The name is intended to reflect an artist’s canvas, with infinite potential. When Tokyo hosts the Olympics in 2020, Toyota plans to have e-Palette vehicles shuttling people to and from various venues. In addition, Toyota announces five partners (Amazon, DiDi, Pizza Hut, Uber and Mazda) have joined development of e-Palette, and those companies also will be involved in services to be offered during the Olympics and Paralympics.
Toyota President Akio Toyoda says the automaker’s Level 4 and Level 5 autonomous Chauffeur technology will control the vehicles, but that partner companies also will have the freedom to use their own automated driving systems instead.
“e-Palette will include Toyota’s Guardian (semi-autonomous safety) technology, which will act as a safety net,” Toyoda says at the press conference. “It’s an open, flexible platform that can be easily adapted to support a range of uses including ride-sharing, delivery and retail. Today, you have to travel to the store. In the future, with e-Palette, the store will come to you!”
He says several e-Palettes could be clustered in one place, allowing businesses or communities to quickly create mobile hubs for services and even entertainment and festivals. “I mean, just think of how great e-Palette would be at Burning Man!” Toyoda says.

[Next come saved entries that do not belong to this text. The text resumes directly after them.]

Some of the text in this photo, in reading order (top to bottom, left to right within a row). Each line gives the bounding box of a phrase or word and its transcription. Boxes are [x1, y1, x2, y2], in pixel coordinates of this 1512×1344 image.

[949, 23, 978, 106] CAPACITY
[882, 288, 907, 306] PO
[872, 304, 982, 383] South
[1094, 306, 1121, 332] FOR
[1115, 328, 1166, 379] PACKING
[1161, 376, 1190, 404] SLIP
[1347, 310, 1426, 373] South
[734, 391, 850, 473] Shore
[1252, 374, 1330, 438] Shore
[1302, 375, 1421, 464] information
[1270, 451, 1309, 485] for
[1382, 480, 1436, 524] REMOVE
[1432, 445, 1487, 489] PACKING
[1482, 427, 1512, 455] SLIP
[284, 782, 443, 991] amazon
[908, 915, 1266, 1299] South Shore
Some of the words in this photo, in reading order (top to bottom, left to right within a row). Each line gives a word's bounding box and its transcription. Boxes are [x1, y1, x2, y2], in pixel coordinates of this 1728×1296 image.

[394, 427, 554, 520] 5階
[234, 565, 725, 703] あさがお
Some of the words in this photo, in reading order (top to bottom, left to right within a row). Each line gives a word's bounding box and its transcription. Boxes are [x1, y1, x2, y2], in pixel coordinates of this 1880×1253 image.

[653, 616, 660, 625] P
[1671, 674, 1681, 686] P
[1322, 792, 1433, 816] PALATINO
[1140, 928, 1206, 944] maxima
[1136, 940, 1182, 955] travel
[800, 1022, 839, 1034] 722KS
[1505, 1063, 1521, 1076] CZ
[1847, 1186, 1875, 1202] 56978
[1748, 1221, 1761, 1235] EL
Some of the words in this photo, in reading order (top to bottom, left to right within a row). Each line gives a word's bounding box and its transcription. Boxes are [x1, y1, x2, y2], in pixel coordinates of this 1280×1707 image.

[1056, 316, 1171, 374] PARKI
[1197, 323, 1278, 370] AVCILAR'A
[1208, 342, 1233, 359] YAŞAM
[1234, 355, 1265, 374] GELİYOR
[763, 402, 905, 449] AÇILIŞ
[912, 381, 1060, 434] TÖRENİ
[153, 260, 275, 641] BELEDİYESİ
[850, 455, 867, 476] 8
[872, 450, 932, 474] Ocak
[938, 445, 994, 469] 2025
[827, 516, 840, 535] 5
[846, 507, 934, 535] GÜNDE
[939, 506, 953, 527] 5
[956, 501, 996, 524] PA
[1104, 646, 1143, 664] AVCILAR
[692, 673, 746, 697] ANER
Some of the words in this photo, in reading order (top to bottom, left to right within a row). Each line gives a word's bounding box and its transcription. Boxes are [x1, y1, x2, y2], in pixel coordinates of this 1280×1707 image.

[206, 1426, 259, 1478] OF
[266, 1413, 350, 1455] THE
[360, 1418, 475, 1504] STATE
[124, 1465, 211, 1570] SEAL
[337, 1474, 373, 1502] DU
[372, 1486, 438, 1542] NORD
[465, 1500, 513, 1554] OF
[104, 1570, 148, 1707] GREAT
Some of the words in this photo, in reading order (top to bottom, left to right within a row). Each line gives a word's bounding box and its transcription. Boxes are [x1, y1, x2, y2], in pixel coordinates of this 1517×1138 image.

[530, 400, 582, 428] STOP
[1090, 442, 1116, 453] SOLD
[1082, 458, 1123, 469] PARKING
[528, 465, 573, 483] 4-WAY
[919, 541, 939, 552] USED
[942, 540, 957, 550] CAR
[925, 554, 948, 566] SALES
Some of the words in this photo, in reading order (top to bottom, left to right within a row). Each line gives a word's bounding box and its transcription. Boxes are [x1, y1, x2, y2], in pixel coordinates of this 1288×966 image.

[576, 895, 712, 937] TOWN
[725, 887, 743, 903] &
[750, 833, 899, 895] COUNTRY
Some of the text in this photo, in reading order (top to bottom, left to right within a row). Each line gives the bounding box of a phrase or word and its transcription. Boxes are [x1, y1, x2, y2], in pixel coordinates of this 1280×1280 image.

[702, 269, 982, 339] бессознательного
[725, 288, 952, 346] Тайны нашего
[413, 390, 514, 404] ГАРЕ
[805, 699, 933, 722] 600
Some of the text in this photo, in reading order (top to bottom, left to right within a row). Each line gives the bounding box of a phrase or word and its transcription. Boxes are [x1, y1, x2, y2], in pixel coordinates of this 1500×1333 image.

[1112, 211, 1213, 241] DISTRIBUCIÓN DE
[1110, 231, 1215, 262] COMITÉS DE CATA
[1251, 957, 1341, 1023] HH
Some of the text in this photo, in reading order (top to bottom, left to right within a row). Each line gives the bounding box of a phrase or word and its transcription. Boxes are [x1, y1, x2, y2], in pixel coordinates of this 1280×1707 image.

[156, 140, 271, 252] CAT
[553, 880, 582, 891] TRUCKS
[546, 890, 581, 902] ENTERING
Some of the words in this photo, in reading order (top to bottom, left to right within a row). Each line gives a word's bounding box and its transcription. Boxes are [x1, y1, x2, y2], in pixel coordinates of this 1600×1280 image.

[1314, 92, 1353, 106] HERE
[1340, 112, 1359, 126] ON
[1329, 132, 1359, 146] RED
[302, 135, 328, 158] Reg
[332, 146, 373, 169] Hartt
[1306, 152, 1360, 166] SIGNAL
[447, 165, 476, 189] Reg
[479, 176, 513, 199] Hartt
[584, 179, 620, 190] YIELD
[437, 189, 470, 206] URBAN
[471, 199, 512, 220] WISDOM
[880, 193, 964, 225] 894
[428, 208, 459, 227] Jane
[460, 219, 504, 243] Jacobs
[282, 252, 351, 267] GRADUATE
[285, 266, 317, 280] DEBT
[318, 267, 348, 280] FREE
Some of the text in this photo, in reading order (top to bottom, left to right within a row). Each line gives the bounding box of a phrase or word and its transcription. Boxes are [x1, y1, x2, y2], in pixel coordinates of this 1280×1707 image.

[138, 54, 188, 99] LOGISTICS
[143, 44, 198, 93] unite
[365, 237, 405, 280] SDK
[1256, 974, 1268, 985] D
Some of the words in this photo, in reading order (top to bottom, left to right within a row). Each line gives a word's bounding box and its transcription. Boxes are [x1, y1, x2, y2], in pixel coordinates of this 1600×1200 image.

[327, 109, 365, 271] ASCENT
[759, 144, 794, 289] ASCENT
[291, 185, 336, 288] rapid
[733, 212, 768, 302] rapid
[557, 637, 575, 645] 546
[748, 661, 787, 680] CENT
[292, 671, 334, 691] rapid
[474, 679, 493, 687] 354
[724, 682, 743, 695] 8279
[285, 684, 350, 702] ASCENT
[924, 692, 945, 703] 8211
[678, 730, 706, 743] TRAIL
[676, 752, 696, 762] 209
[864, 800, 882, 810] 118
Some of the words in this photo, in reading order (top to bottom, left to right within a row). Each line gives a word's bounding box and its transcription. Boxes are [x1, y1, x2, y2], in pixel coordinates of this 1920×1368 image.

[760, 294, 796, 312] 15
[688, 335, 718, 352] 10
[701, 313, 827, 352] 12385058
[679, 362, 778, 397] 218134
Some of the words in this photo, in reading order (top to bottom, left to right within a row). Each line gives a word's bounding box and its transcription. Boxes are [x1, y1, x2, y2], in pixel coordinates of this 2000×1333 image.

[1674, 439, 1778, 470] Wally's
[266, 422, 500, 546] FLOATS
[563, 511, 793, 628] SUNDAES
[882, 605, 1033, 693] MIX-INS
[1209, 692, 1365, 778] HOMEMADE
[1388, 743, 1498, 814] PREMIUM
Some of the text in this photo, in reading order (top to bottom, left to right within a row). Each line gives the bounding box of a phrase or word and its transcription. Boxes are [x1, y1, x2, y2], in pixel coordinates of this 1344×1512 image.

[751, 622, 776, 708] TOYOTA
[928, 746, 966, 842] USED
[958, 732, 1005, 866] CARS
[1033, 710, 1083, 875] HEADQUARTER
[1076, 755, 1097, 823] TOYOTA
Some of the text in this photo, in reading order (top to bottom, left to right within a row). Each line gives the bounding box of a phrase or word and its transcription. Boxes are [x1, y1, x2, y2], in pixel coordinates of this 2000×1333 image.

Mazda has joined the initiative as a partner focused on battery-electric propulsion for the vehicles. At this point, Toyota is not discussing battery capacity or range, but company executives say other propulsion systems may be considered in the future.
President Akio Toyoda speaking at CES press conference.
Toyota and its five alliance partners will leverage the automaker’s Mobility Services Platform, which was announced in 2016 as Toyota’s framework for a range of connected vehicle applications. The e-Palette concept relies on an open vehicle control interface and a set of software tools to allow flexible uses for partner companies.
“Think of it as a kind of plug-and-play, open platform,” Toyoda says. “Because we believe flexibility and open standards are the key to providing the best services to consumers.”
Gill Pratt, Toyota Research Institute CEO, says plans call for e-Palette vehicles to run in Level 4 autonomous mode during the Olympic test demos.
TRI's Gill Pratt.
Beyond the 2020 Olympics, Pratt says the automaker wants to test the system in major metropolitan areas, but there is no timetable to do so. He says there will be at least three different sizes of e-Palette vehicles to start, and the demo vehicle displayed here at CES is considered the medium size.
The ultimate goal for e-Palette is to change the way people relate to vehicles and to lessen the monotony of being stuck in a “steel box,” for sometimes hours at a time in traffic, he says. “We bring the customer into the car, but the relationship is different and more expansive than what the relationship right now is between the customer and car.
“Now, the person is either a driver or passenger. We think there are many other things human beings can do within a vehicle than what we do right now.”